#### Task objective
Since the copy must hold text only, transcribe the data below exactly and omit the images.

#### Data
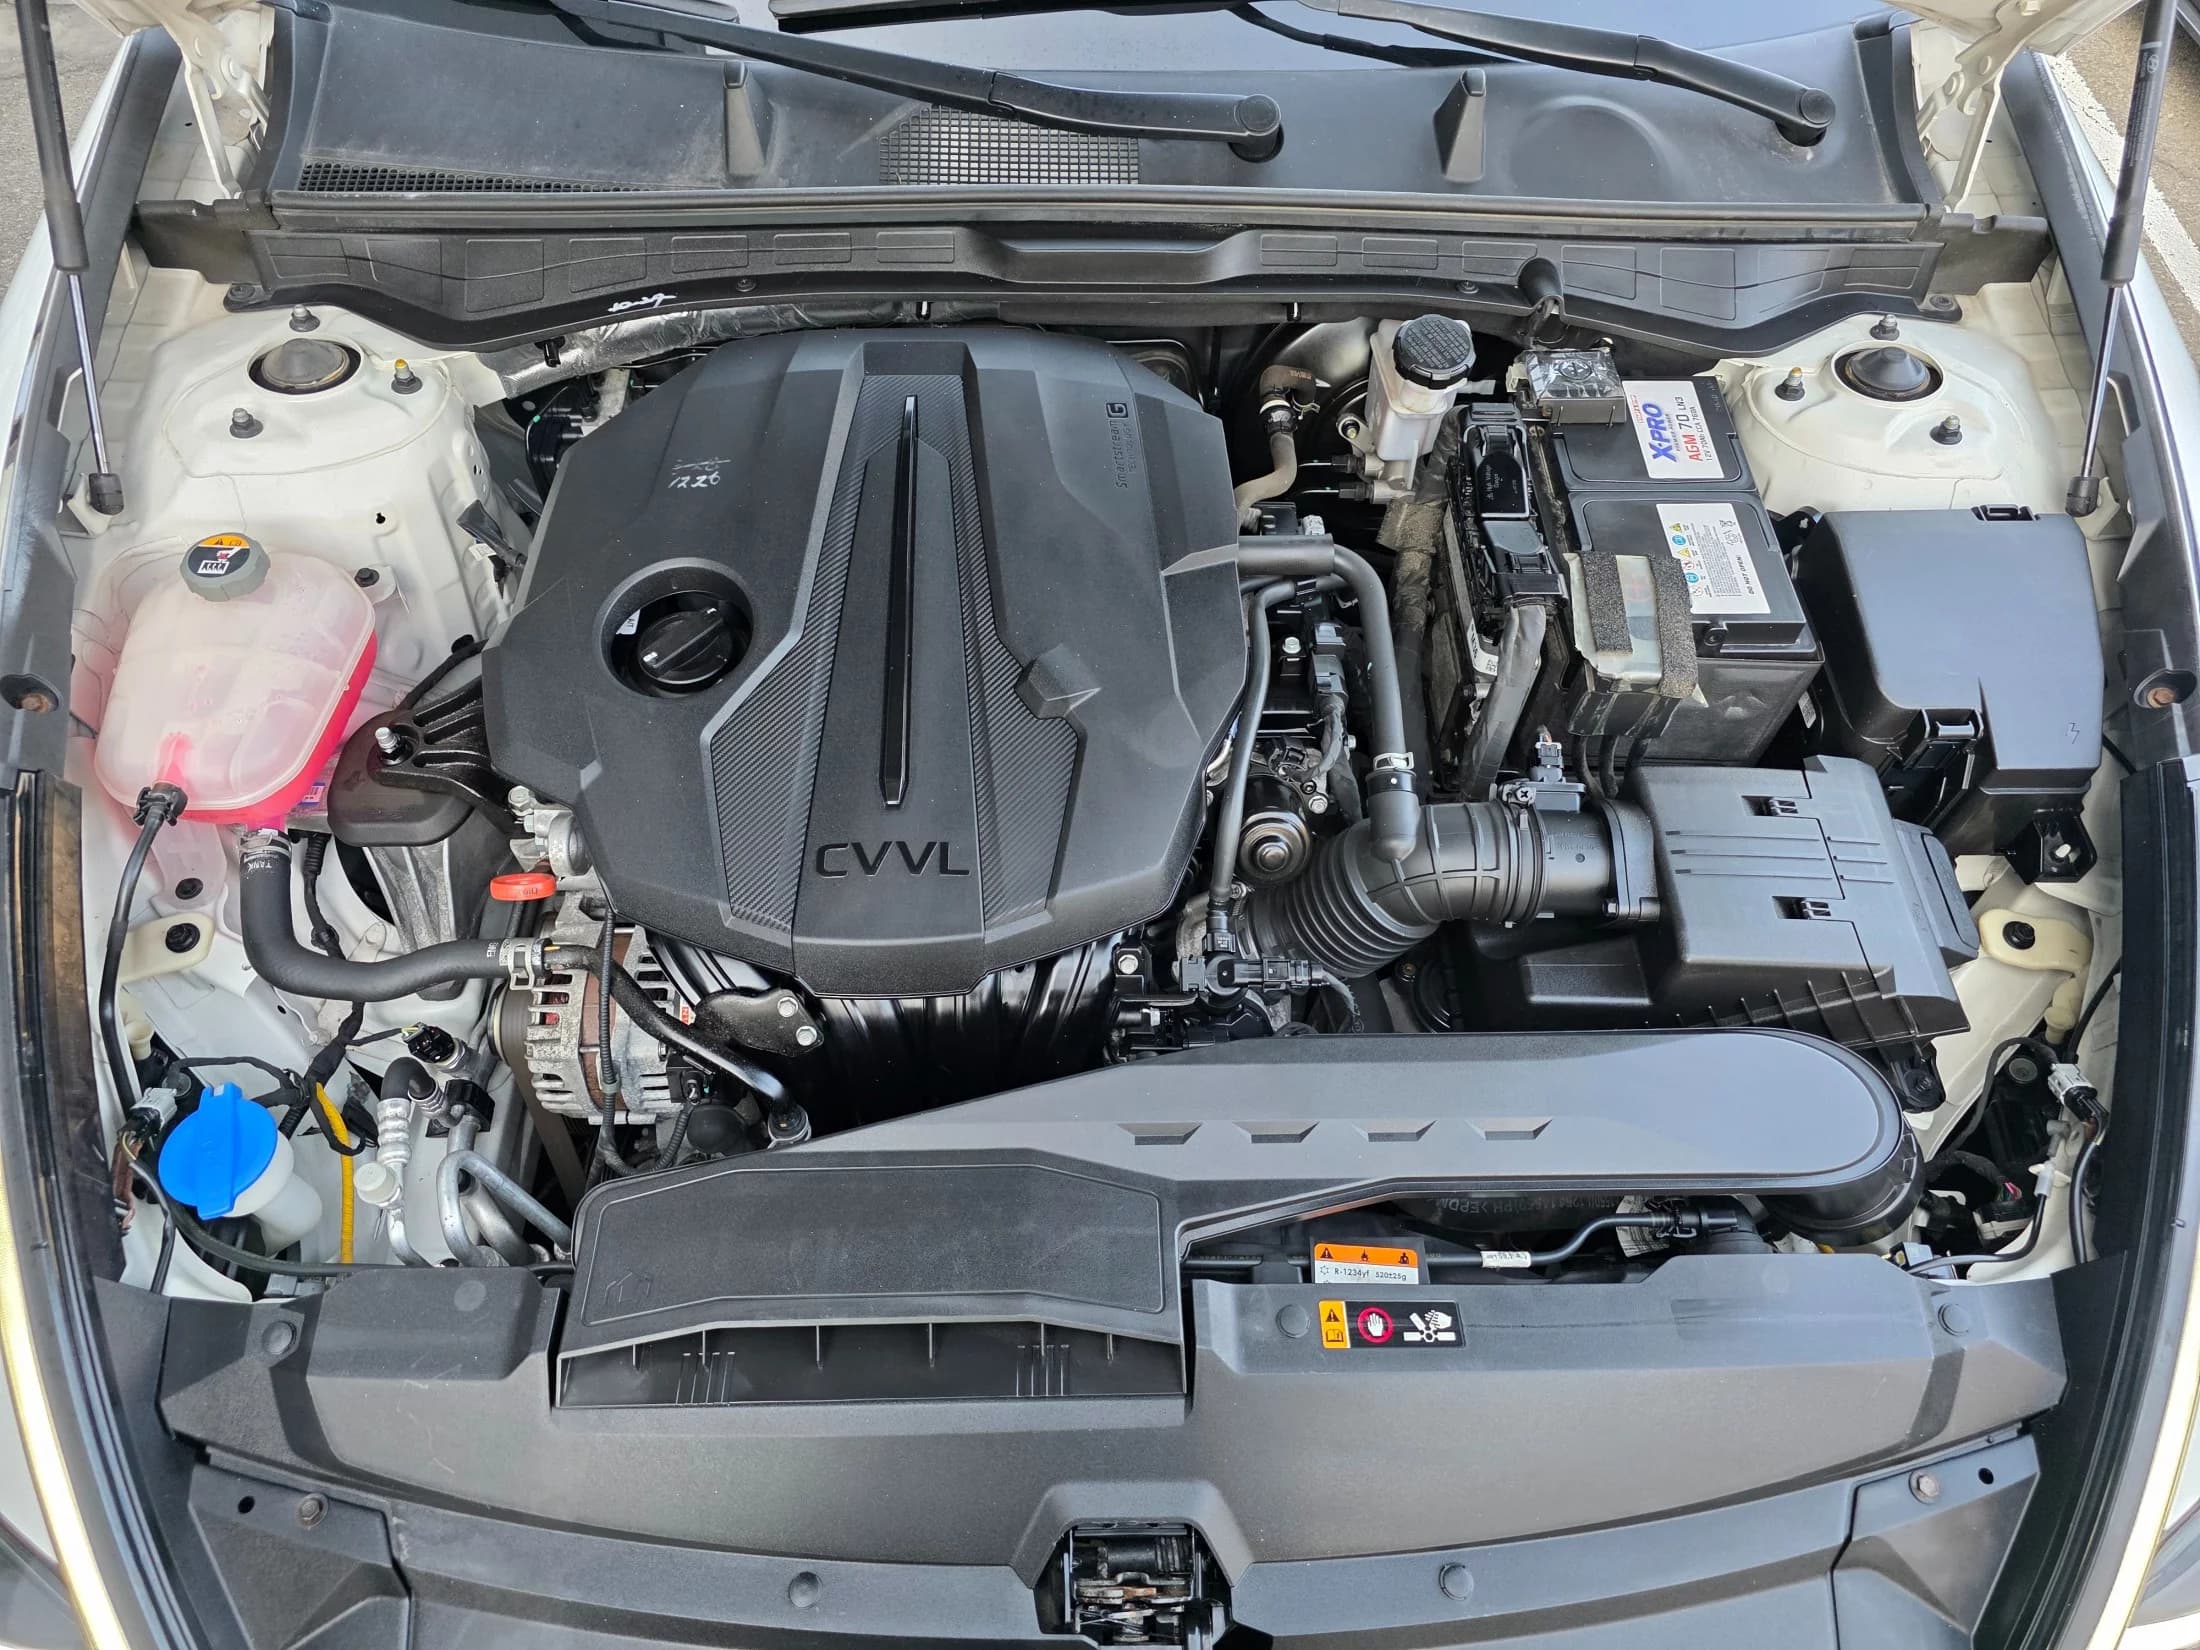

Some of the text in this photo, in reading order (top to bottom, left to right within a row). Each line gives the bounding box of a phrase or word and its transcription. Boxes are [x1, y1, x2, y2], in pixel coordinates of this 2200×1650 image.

[1674, 396, 1703, 461] AGM 70 LN3
[1109, 420, 1128, 489] Smartstream
[1741, 573, 1751, 585] NOT
[1746, 586, 1755, 595] DO
[815, 841, 971, 878] CVVL
[1334, 1268, 1407, 1281] R-1234yf 520±25g

#### Written answer
Some of the text in this photo, in reading order (top to bottom, left to right within a row). Each line gives the bounding box of a phrase or word and its transcription. Boxes are [x1, y1, x2, y2], in pixel coordinates of this 2200×1650 image.

[1674, 396, 1703, 461] AGM 70 LN3
[1109, 420, 1128, 489] Smartstream
[1741, 573, 1751, 585] NOT
[1746, 586, 1755, 595] DO
[815, 841, 971, 878] CVVL
[1334, 1268, 1407, 1281] R-1234yf 520±25g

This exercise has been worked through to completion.